Apabila kita merenung dari hakikat kehidupan ini, manusia tidak dapat terlepas dari kamma, kamma identik dengan perbuatan, perbuatan itu baik hasilnya pun baik seperti kebahagiaan, dan sebaliknya perbuatan buruk, hasilnya juga buruk adalah penderitaan, ada orang bertanya kenapa orang baik ada yang hidupnya kurang beruntung, orang baik matinya cepat, malah sebaliknya orang jahat lebih beruntung, umurnya panjang. Apabila kita boleh meninjau, makhluk tidak cukup lahir saat ini saja, melainkan setiap makluk mengalami kelahiran yang tidak terhitung  jumlahnya, karena pada dasarnya alam dalam agama buddha ada 31 alam, terbagi menjadi 4 alam menderita (ᾱpaya bhūmi), 11 alam masih melekat pada kesenangan (Kᾱmasugati Bhūmi), 16 alam Rupa Bhūmi , dan 4 alam Arupa Bhūmi. Tentu apabila kita melihat orang baik umurnya pendek atapun kurang beruntung tentu dilihat dari segi yang lain salah satunya faktor kamma masa lalu sebagai pendukung dikehidupan saat ini, selain itu faktor lain karena ia lengah, tidak waspada, dan lain sebagainya, demikian pula orang tidak baik lebih beruntung dan usianya panjang, dilihat faktor karma masa lalu sebagai penopang kehidupan saat ini dan kondisi/ faktor lainnya juga yang mendukung.

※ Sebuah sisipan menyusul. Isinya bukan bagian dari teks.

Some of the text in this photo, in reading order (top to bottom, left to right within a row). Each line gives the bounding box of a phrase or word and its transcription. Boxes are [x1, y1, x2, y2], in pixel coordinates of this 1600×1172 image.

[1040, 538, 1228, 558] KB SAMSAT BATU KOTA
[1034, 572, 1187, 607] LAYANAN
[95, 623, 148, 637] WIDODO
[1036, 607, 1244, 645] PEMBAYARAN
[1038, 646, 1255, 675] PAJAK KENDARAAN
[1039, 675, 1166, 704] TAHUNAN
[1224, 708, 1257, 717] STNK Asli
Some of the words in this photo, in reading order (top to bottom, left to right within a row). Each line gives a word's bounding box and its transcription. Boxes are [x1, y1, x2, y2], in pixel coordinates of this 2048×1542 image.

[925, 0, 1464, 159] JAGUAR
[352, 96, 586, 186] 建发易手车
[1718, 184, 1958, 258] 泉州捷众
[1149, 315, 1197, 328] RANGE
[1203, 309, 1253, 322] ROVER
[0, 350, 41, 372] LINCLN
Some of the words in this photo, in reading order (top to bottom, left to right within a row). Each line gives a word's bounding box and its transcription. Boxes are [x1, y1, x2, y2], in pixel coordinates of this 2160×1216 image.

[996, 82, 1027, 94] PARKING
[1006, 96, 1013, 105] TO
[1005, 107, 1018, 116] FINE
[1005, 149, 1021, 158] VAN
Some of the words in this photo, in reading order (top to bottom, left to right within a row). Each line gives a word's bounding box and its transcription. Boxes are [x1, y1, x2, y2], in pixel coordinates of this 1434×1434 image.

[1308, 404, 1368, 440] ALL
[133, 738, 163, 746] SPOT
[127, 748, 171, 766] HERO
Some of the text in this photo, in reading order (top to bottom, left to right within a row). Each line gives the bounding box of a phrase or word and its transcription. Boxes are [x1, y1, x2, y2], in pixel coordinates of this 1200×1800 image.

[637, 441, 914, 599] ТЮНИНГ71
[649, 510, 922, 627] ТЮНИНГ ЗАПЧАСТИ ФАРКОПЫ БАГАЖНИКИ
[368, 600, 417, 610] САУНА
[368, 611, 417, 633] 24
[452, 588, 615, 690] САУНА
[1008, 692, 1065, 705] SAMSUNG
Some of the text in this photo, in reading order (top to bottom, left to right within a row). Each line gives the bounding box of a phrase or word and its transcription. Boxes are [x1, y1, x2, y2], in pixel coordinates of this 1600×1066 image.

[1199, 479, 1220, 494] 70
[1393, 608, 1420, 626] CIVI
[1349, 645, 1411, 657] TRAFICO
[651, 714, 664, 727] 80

Kamma tidak sama dengan takdir, kamma masih dapat dirubah, akan tetapi takdir adalah keputusan yang tidak dapat diganggu gugat, perlu diketahui bahwa kamma bukan faktor/ kondisi yang tunggal, apabila kamma dikatakan faktor / sebab yang tunggal, maka akan muncul kesalahpahaman terhadap bunyi hukum kamma, yaitu hukum perbuatan, barang siapa yang menabur, maka ia harus memetik/ menuai hasil dari apa yang ia tabur/ ia tuai. Cara kerja Kamma dapat diperumpakan seperti layaknya seorang petani, yang menabur bibit padi yang berkualitas maupun yang tidak berkualitas dilahan yang subur maupun yang tidak subur, menggunakan pupuk maupun tidak, dengan perawatan maupun tidak, maka padi itu akan tumbuh dan panen dengan akibat yang dikondisikan pada sebab-sebab sebelumnya.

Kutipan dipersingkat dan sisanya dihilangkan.